> _TASK OBJECTIVE_
Leaving out the images, return the data below exactly as it is written.

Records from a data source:
######

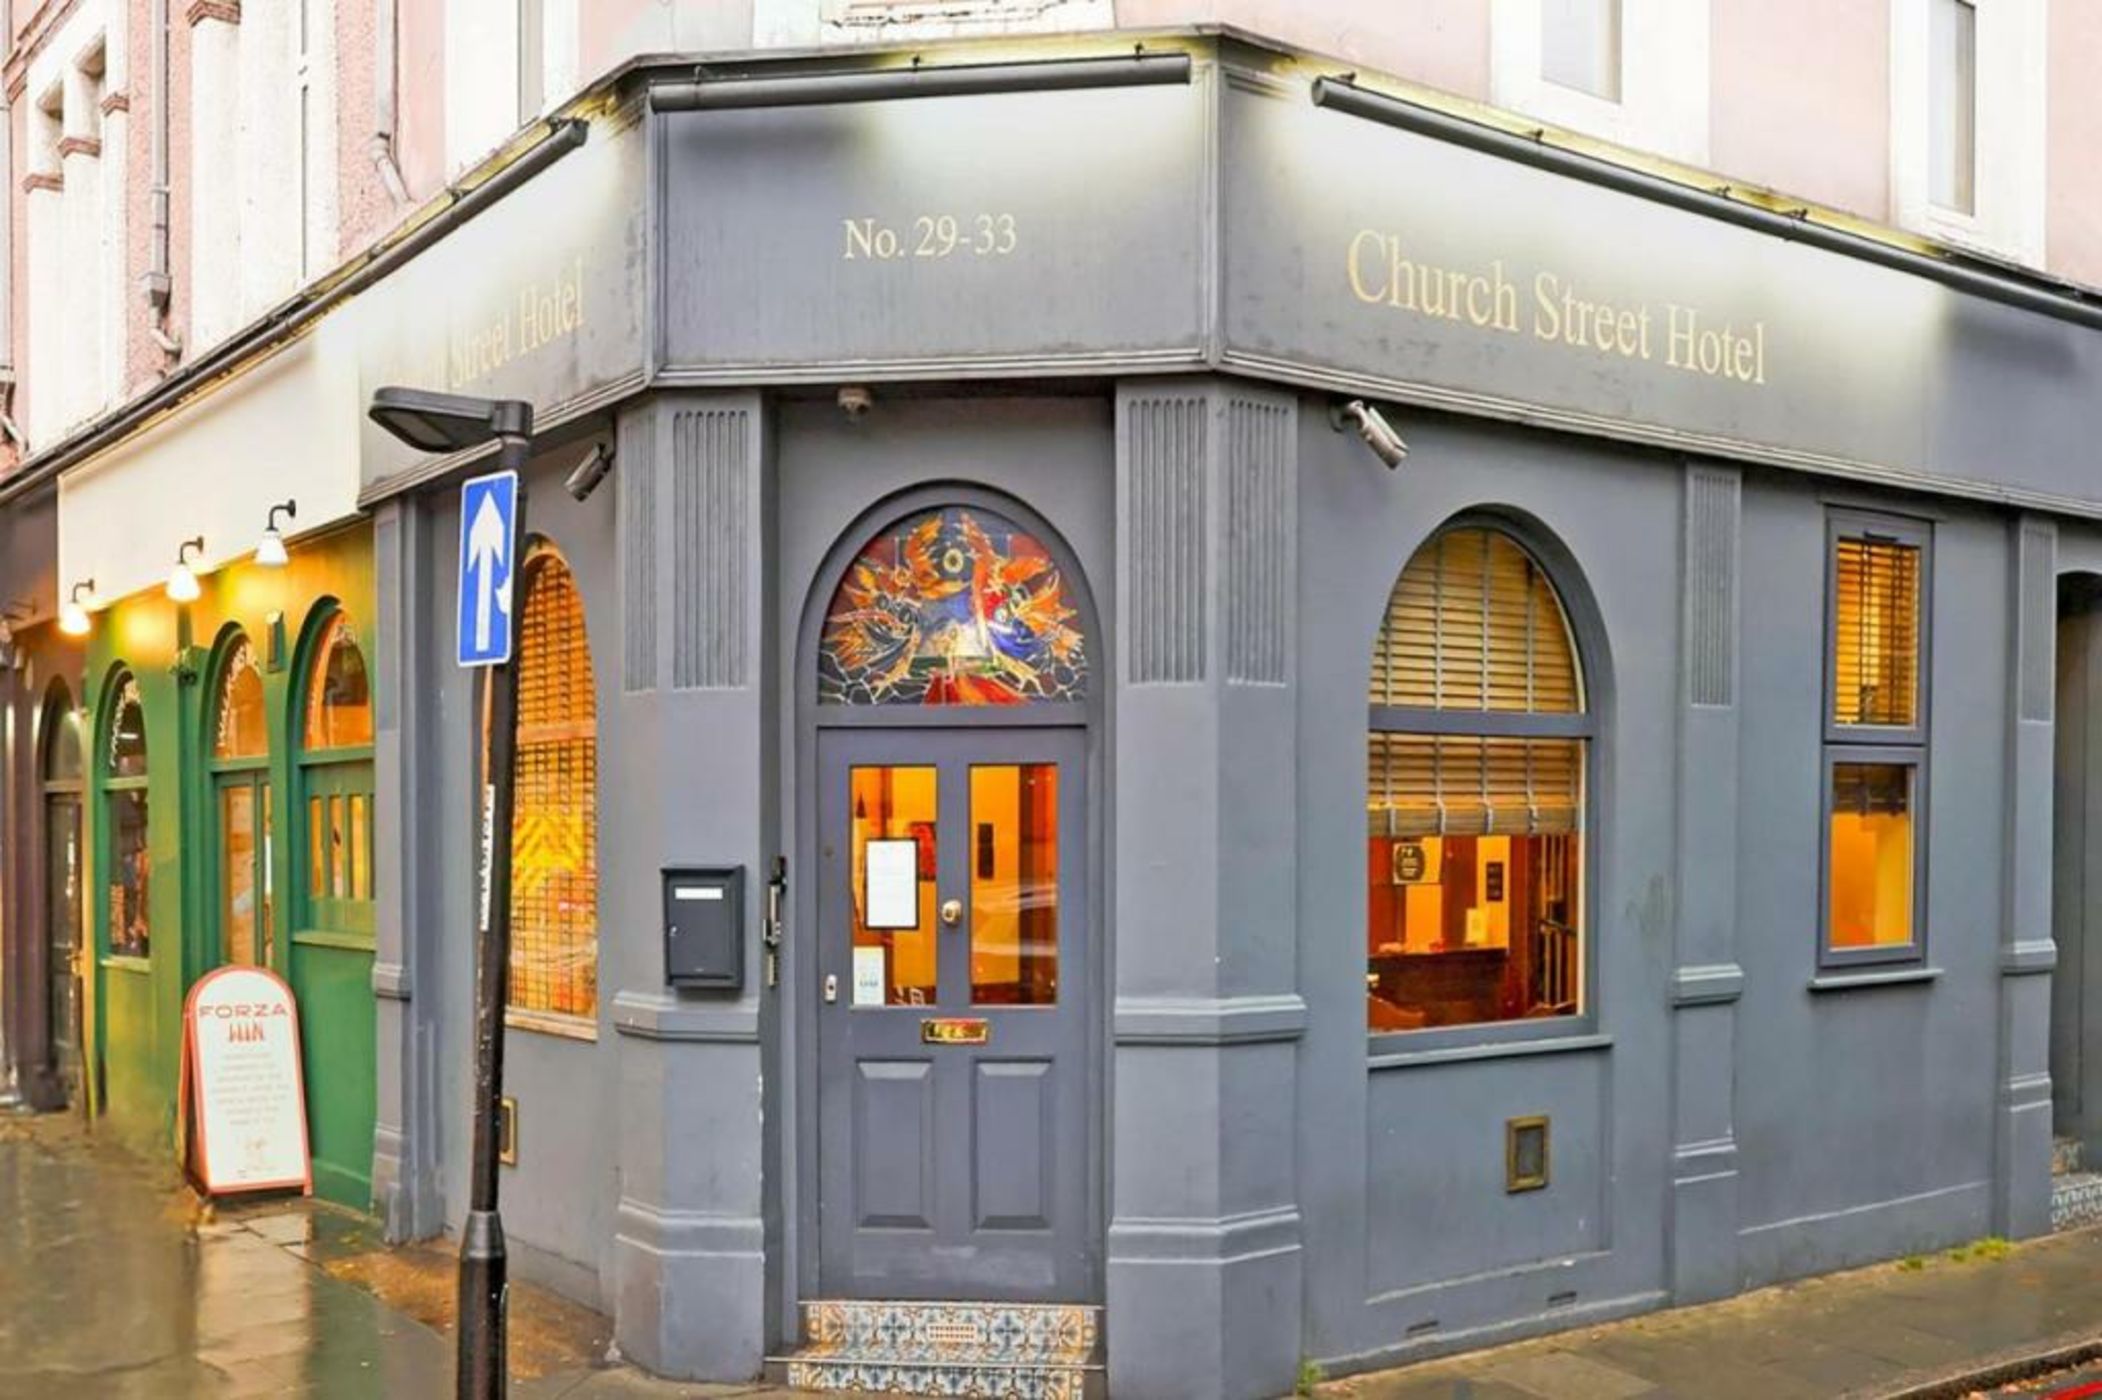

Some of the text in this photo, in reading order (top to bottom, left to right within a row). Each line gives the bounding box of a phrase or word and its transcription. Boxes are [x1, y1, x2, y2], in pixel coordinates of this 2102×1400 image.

[841, 213, 1017, 260] No. 29-33
[520, 256, 585, 354] Hotel
[1346, 229, 1766, 384] Church Street Hotel
[199, 1003, 288, 1019] FORZA

######

> _RESPONSE AREA_
Some of the text in this photo, in reading order (top to bottom, left to right within a row). Each line gives the bounding box of a phrase or word and its transcription. Boxes are [x1, y1, x2, y2], in pixel coordinates of this 2102×1400 image.

[841, 213, 1017, 260] No. 29-33
[520, 256, 585, 354] Hotel
[1346, 229, 1766, 384] Church Street Hotel
[199, 1003, 288, 1019] FORZA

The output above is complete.